Though we ought to tax capital gains more heavily, it is also vital that it is taxed more fairly. It is time we stopped taxing ‘paper gains’ arising only due to inflation, especially in the current economic climate, by reintroducing inflation indexation. And if we are taxing the upside of investment more then we should cushion against capital losses better, by allowing capital losses to be offset against income for wider range of assets and over a wider period.
Reforms to Inheritance Tax are also a powerful way of supporting the becalmed ‘levelling up’ agenda in the long term. The IFS recently found that the role of inheritance in social mobility is increasing, with real impacts on the life outcomes on today’s young people: among those born in the 1980s, inheritances are predicted to increase lifetime incomes by five per cent on average for the bottom fifth of the wealth distribution, and by 29 per cent for those whose parents are in the top fifth.
Compounding this problem, IHT in its current incarnation is horribly designed. The arbitrary ‘seven-year rule’ means that those who pass on assets well before death face no tax. Reliefs intended to help family businesses are woefully targeted: Business Property Relief applies not just to shares in a family business but can also apply to the value of shares in companies with no family connection. Little wonder that the very wealthiest estates end up facing a lower effective tax rate than other more modest estates.
Moving to a Lifetime Receipts Tax (LRT) with a starting allowance of £125,700, with headline rates mirroring the Income Tax schedule and thresholds set at ten times Income Tax thresholds, would end the arbitrary distinction currently made between the timing of gifts.

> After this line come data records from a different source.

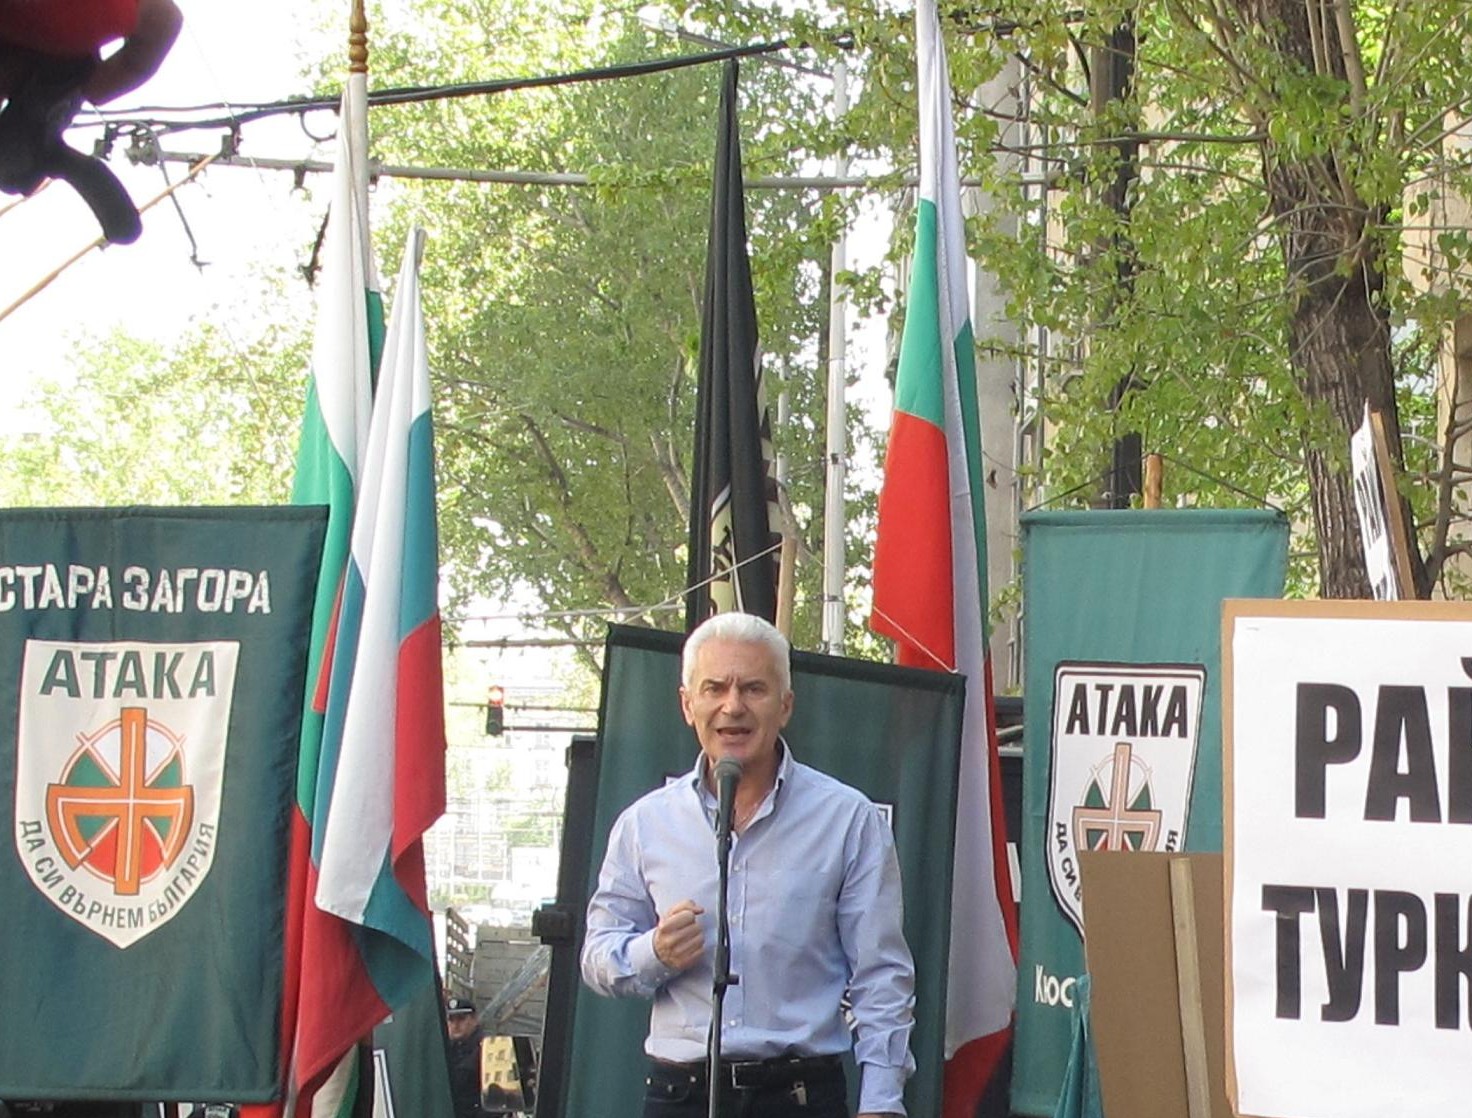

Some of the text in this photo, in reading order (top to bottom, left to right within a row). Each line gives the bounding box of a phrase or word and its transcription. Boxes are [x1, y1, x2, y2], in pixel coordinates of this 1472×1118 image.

[0, 563, 271, 614] СТАРА ЗАГОРА
[39, 649, 216, 699] АТАКА
[1065, 682, 1188, 738] АТАКА
[20, 820, 215, 929] ДА СИ ВЪРНЕМ БЪЛГАРИЯ
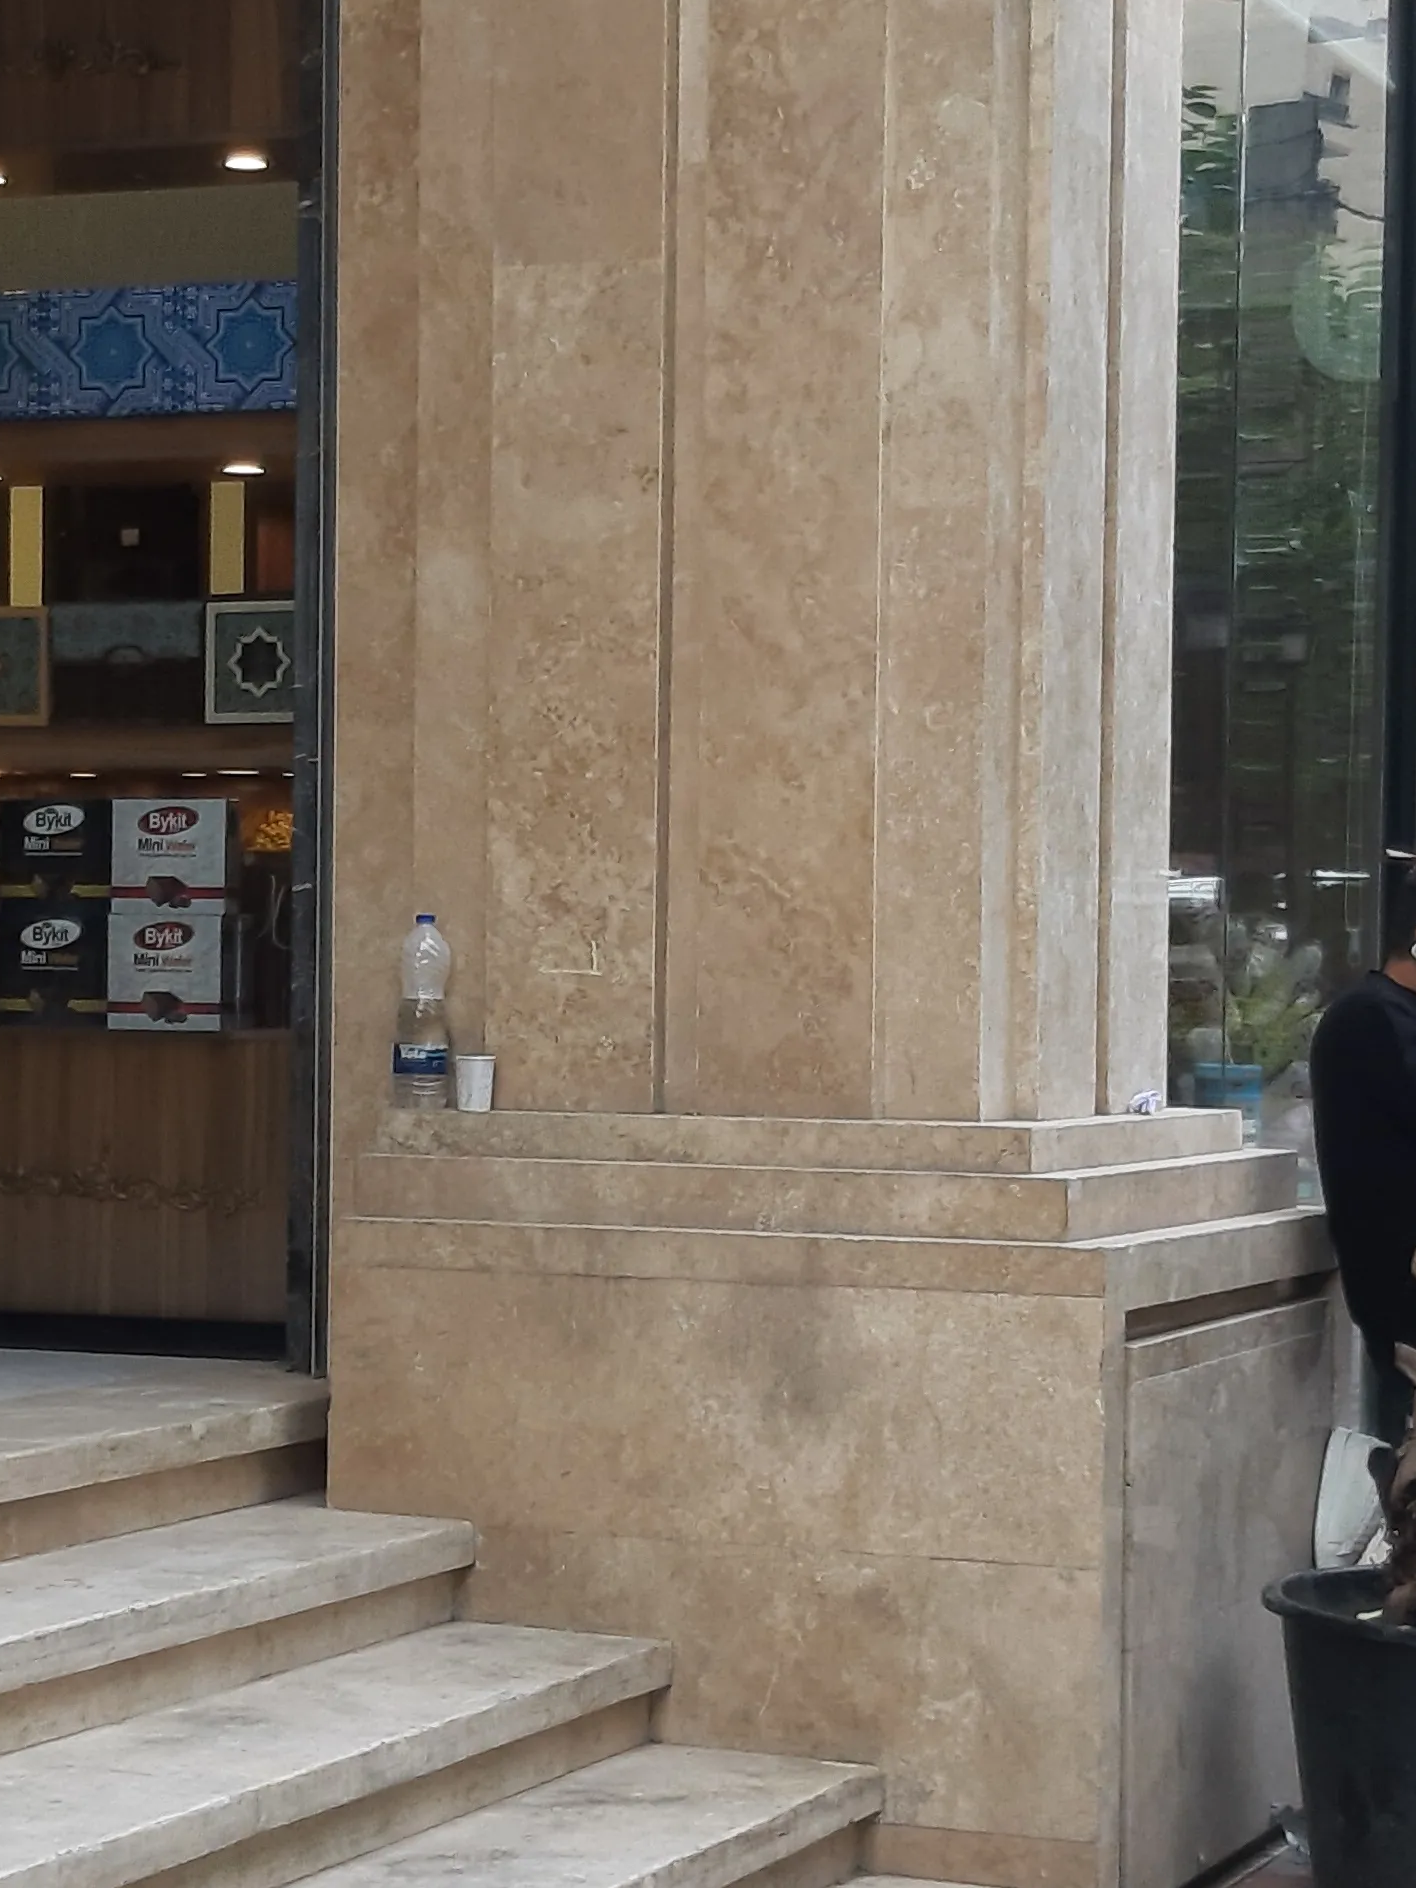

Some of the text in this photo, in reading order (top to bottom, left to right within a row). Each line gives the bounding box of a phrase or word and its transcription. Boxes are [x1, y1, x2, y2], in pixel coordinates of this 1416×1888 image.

And it would reduce the ability of the wealthiest estates to minimise effective tax liabilities, ensuring inheritances are taxed more progressively.
To do what we propose around work and wealth taxation, there will be difficult and potentially unpopular decisions along the way. But the reward would be a tax system that can, in the short term, help to boost post-Covid economic growth; and, in the long term, lay the foundations for a more equitable tax system and a more meritocratic society.